O esquerdismo, estado supremo do imperialismo (1)

Quadro de Solveig Inga.

Bruno Guigue [*]

O colapso da União Soviética significou o fim do comunismo? Aqueles que proferiram a oração fúnebre podem ter considerado os seus desejos realidade. Ao contrário do que acreditaram, o socialismo real não desapareceu de corpo e alma. O facto de a bandeira vermelha não pairar mais sobre o Kremlin não significa a sua extinção no planeta: 1,5 mil milhões de chineses vivem sob a liderança de um Partido Comunista que não mostra sinais de perder força. O Vietnã socialista está indo muito bem. Na Rússia, o Partido Comunista continua a ser a principal força de oposição. Os comunistas governam o Nepal e o estado indiano de Kerala. Apesar do bloqueio imperialista, os cubanos continuam construindo o socialismo. Os comunistas tiveram êxitos eleitorais no Chile e na Áustria.

Dizer que o comunismo deixou apenas más lembranças e pertence a um passado longínquo é cometer um duplo erro de análise. Ele não somente contribuiu para o bem-estar de um quarto da humanidade, mas também não há indicação de que tenha dito a sua última palavra. Ele não está condenado pelo seu passado nem privado de um futuro. Pode registar a seu crédito a luta vitoriosa contra o nazismo, uma contribuição decisiva para a queda do colonialismo e uma resistência obstinada ao imperialismo. Este triplo sucesso é suficiente para dar-lhe cartas de nobreza revolucionárias. O seu passado é também a longa série de avanços sociais e os milhões de vidas arrancadas da pobreza, analfabetismo e doenças.

O comunismo foi e é um esforço titânico para tirar as massas da ignorância e dependência. Permanecendo na URSS em 1925, o pedagogo Célestin Freinet expressou “sua surpresa e seu assombro, especialmente se considerarmos as condições em que este imenso progresso foi feito”. Pedagogos russos, escreveu ele, “encontraram na sua dedicação à causa do povo e na atividade revolucionária clareza suficiente não apenas para elevar a sua pedagogia ao nível da pedagogia ocidental, mas para ir mais além, e de longe, das nossas tímidas tentativas”.

Nenhuma outra força política poderia ter tirado do subdesenvolvimento os países atrasados, coloniais e semicoloniais, pelos quais os comunistas foram responsáveis no século XX. O que seria a Rússia se tivesse permanecido nas mãos de Nicolau II ou Alexander Kerensky? O que seria a China se não tivesse escapado a Chiang Kai-shek e à sua camarilha feudal? Onde estaria Cuba se tivesse permanecido nas garras do imperialismo e seus mercenários locais?

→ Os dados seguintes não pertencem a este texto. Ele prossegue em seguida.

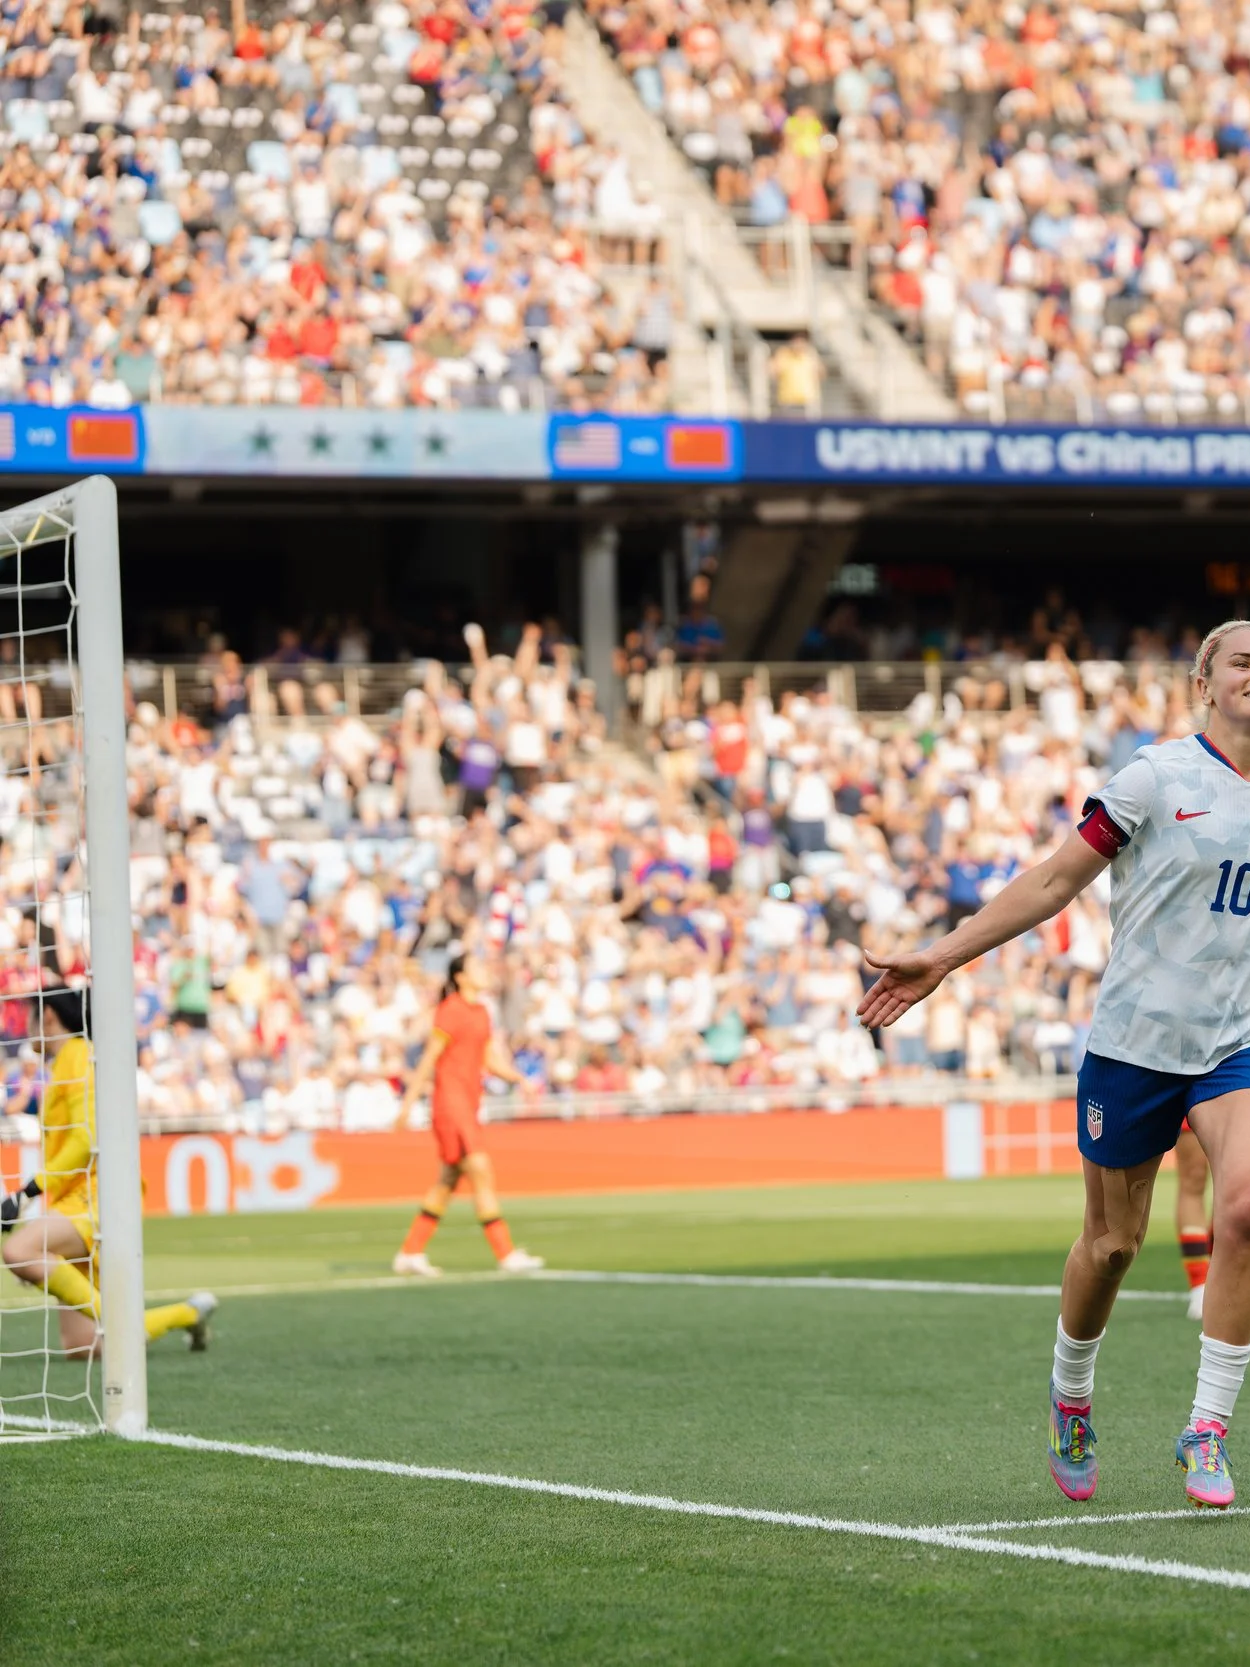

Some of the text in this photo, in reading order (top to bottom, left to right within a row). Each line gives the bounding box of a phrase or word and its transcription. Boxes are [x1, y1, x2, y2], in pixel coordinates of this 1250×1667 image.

[816, 428, 993, 471] USWNT
[996, 434, 1053, 473] vs
[1057, 431, 1192, 475] China
[1089, 1107, 1102, 1123] USA

A revolução comunista em todos os lugares foi a resposta das massas proletarizadas à crise estrutural de sociedades em degradação, num cenário de atraso económico e cultural. Se essa revolução aconteceu, foi porque respondeu às emergências da época. Na Rússia, na China e em outros lugares, foi fruto de um profundo movimento na sociedade, de um amadurecimento das condições objetivas. Mas sem o Partido, sem uma organização centralizada e disciplinada, tal resultado revolucionário seria impossível. Na ausência da liderança personificada pelos comunistas, com que vanguarda as massas poderiam ter contado? E por falta de alternativa, a que desespero teria levado o aborto das promessas revolucionárias?

O facto das formas de luta pelo socialismo não serem mais as mesmas não altera a questão. Esta luta ainda está viva ainda hoje. Os países capitalistas desenvolvidos estão em crise, e a única solução para essa crise é a formação de um bloco progressista em oposição ao bloco burguês. China, Vietnã, Laos, Síria, Cuba, Kerala, Nepal, Bolívia, Venezuela e Nicarágua estão a construir um socialismo original. Fingir ser comunista enquanto se lança um olhar desdenhoso para essas conquistas concretas é ridículo. Mas é o que fazem as incontáveis capelinhas do esquerdismo ocidental.

O trabalho diário dos médicos cubanos, professores venezuelanos e enfermeiras nicaraguenses, a seus olhos, não atinge a dignidade da revolução mundial. Para esses “vestais” do fogo sagrado, tais conquistas são modestas demais para despertar o entusiasmo de um futuro brilhante. Guardiões intransigentes da pureza revolucionária, os esquerdistas adoram distribuir cartões vermelhos para aqueles que constroem o socialismo. Sem agirem em casa, ditam julgamentos sobre o que os outros fazem. E o pior é que aplicam os critérios da ideologia burguesa.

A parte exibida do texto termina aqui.